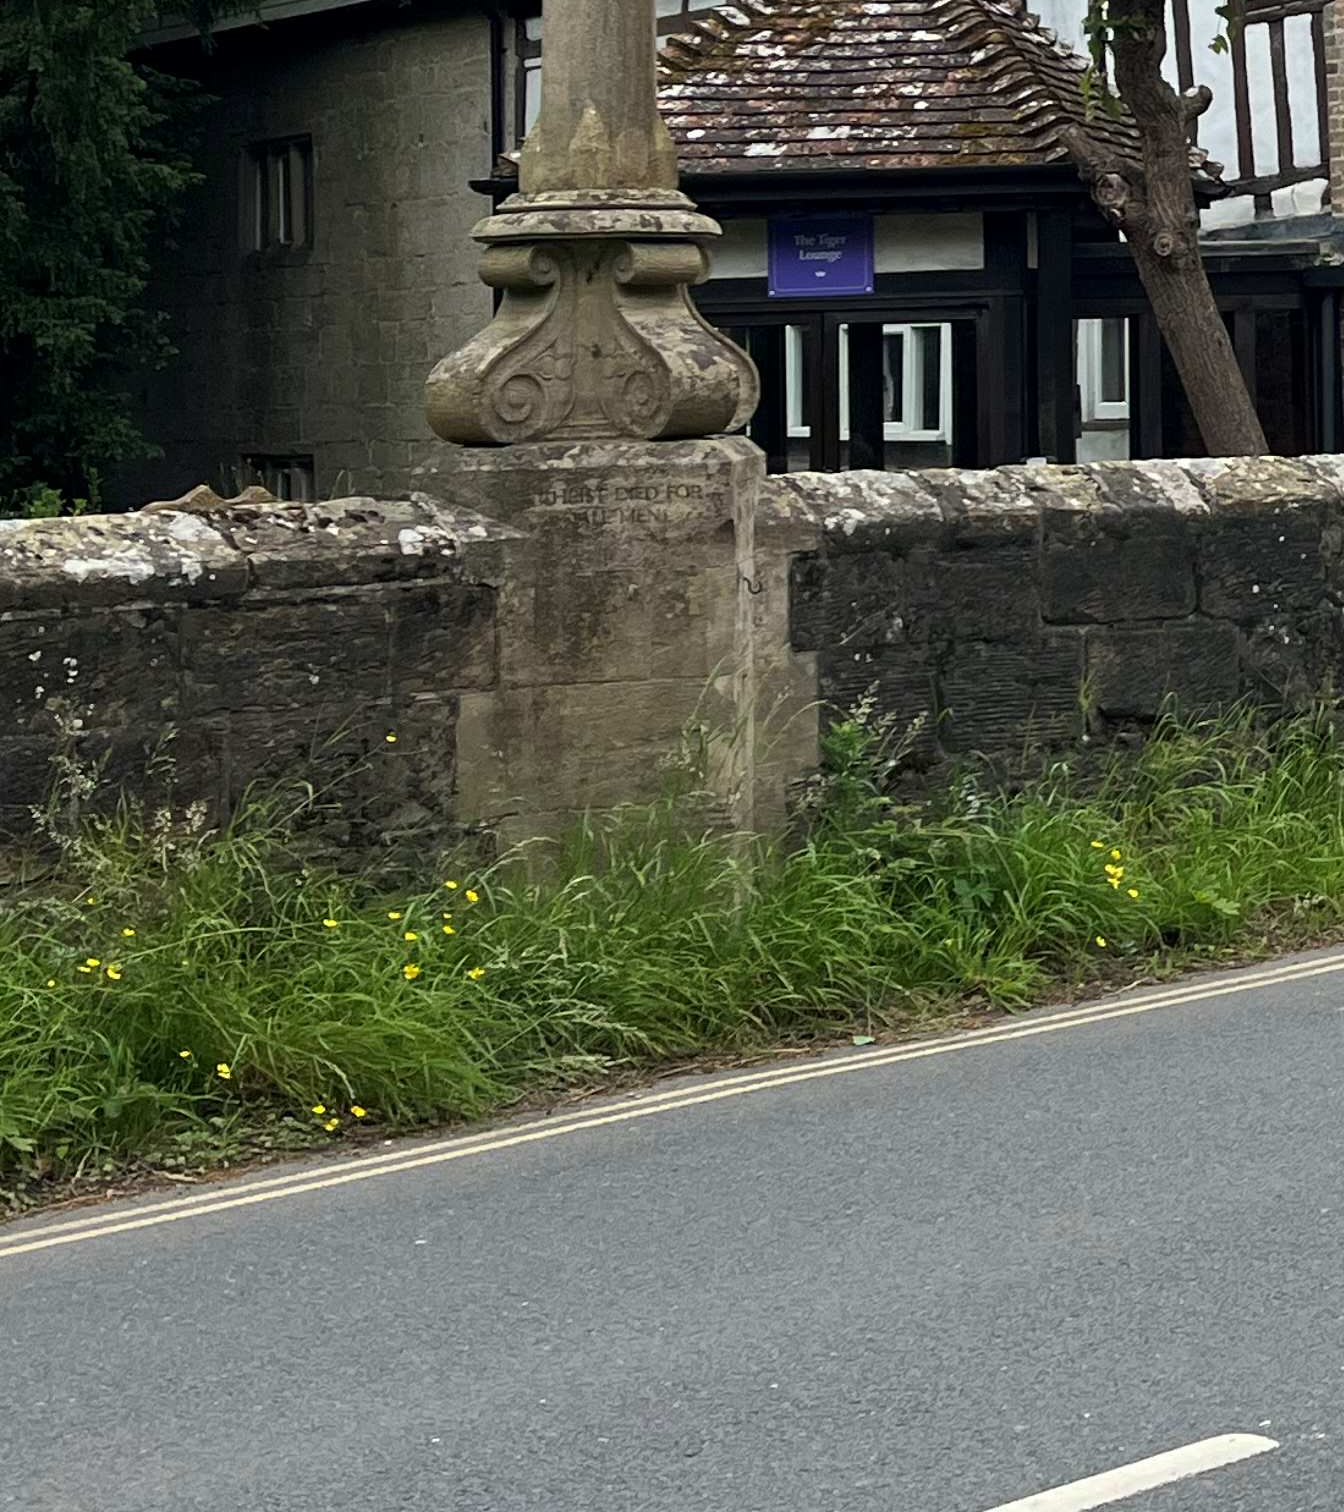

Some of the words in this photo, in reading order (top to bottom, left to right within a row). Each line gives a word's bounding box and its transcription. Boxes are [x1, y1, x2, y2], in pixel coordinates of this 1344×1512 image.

[793, 234, 816, 246] The
[817, 233, 847, 249] Tiger
[799, 249, 843, 263] Lounge
[667, 483, 703, 500] FOR

What to produce:
Repeat all entries exactly. Skip the pictures.

Answer:
Some of the words in this photo, in reading order (top to bottom, left to right within a row). Each line gives a word's bounding box and its transcription. Boxes are [x1, y1, x2, y2], in pixel coordinates of this 1344×1512 image.

[793, 234, 816, 246] The
[817, 233, 847, 249] Tiger
[799, 249, 843, 263] Lounge
[667, 483, 703, 500] FOR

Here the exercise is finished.